Long-term follow-up of distal intestinal obstruction syndrome in cystic fibrosis.World J Gastroenterol 2015; 21(1):318-25WJ
To investigate the long-term follow-up of distal intestinal obstruction syndrome (DIOS) in Israeli cystic fibrosis (CF) patients.
This is a multi-center, comparative, retrospective study in which we reviewed the medical records of all CF patients from three major CF centers in Israel who were treated in the period from 1980 to 2012. Patients diagnosed with DIOS were defined as the study group. The patients were diagnosed with DIOS based on their clinical presentation and typical findings on either abdominal X-ray or computerized tomography scan. For the control group, CF patients with no DIOS were matched to the patients in the study group for age, sex, and cystic fibrosis transmembrane conductance regulator (CFTR) mutations. For both groups, the collected data included age, sex, CFTR genotype, weight, height, and body mass index. Clinical data included respiratory function tests in the last five years prior to the study, respiratory function test immediately before and after the DIOS event, number of hospitalizations, sputum culture results, and CF-related conditions diagnosed according to the CF clinical practice guidelines. In the study group, data on the DIOS treatment and tendency for DIOS recurrence were also analyzed.
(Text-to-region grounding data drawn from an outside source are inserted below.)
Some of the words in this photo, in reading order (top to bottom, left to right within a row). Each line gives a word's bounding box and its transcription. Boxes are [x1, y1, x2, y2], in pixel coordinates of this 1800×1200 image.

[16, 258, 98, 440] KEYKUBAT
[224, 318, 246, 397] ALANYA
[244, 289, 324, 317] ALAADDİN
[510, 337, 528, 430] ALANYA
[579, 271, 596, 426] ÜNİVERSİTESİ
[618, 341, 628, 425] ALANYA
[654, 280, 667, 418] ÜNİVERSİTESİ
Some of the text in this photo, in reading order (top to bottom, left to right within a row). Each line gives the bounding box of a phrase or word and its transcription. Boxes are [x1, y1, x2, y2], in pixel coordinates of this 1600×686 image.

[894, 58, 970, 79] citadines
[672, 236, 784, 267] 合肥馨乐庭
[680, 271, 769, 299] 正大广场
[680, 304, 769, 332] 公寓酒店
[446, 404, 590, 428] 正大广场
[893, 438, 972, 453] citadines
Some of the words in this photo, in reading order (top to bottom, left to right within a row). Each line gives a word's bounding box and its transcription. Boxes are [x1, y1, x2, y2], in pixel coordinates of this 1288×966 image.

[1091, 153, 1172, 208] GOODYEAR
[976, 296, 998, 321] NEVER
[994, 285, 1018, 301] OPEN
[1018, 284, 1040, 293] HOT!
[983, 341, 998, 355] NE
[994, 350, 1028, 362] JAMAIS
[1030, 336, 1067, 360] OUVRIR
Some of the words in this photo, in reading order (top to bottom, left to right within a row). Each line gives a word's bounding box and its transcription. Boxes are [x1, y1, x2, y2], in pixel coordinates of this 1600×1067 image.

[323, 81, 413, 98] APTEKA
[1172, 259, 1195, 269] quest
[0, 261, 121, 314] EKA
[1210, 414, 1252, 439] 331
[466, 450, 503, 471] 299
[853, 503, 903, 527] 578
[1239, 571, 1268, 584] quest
The medical charts for a total of 350 CF patients were reviewed. Of the 350 CF patients, 26 (7.4%) were diagnosed with DIOS. The control group included 31 CF patients with no DIOS diagnosis. The mean follow-up period was 21.6 ± 8.2 years. The total of DIOS episodes in the follow-up period was 60. The distribution of DIOS episodes was as follows: 6/26 (23.1%) study patients had one episode of DIOS in their lifetime, 7/26 (26.9%) had two episodes, 7/26 (26.9%) had three episodes, and 6/26 (23.1%) had four or more episodes. Compared to the control group, DIOS patients had a significantly higher incidence of meconium ileus in the past (65.4% vs 0%, respectively, P < 0.02), more Aspergillus spp. colonization (34.6% vs 3.2%, respectively, P < 0.02), and a higher number of hospitalizations due to respiratory exacerbations (8.6 vs 6.2 mean total hospitalizations per follow-up period, respectively, P < 0.02). No other significant differences were found between the control and study groups. The conservative treatment of DIOS, which mainly includes hydration and stool softeners, was successful in 82% of the episodes. The survival rate was similar for both groups.
CF patients with DIOS suffer from recurrent hospitalizations and airway pathogen acquisition. Although recurrence of DIOS is common, conservative treatment is successful in most patients.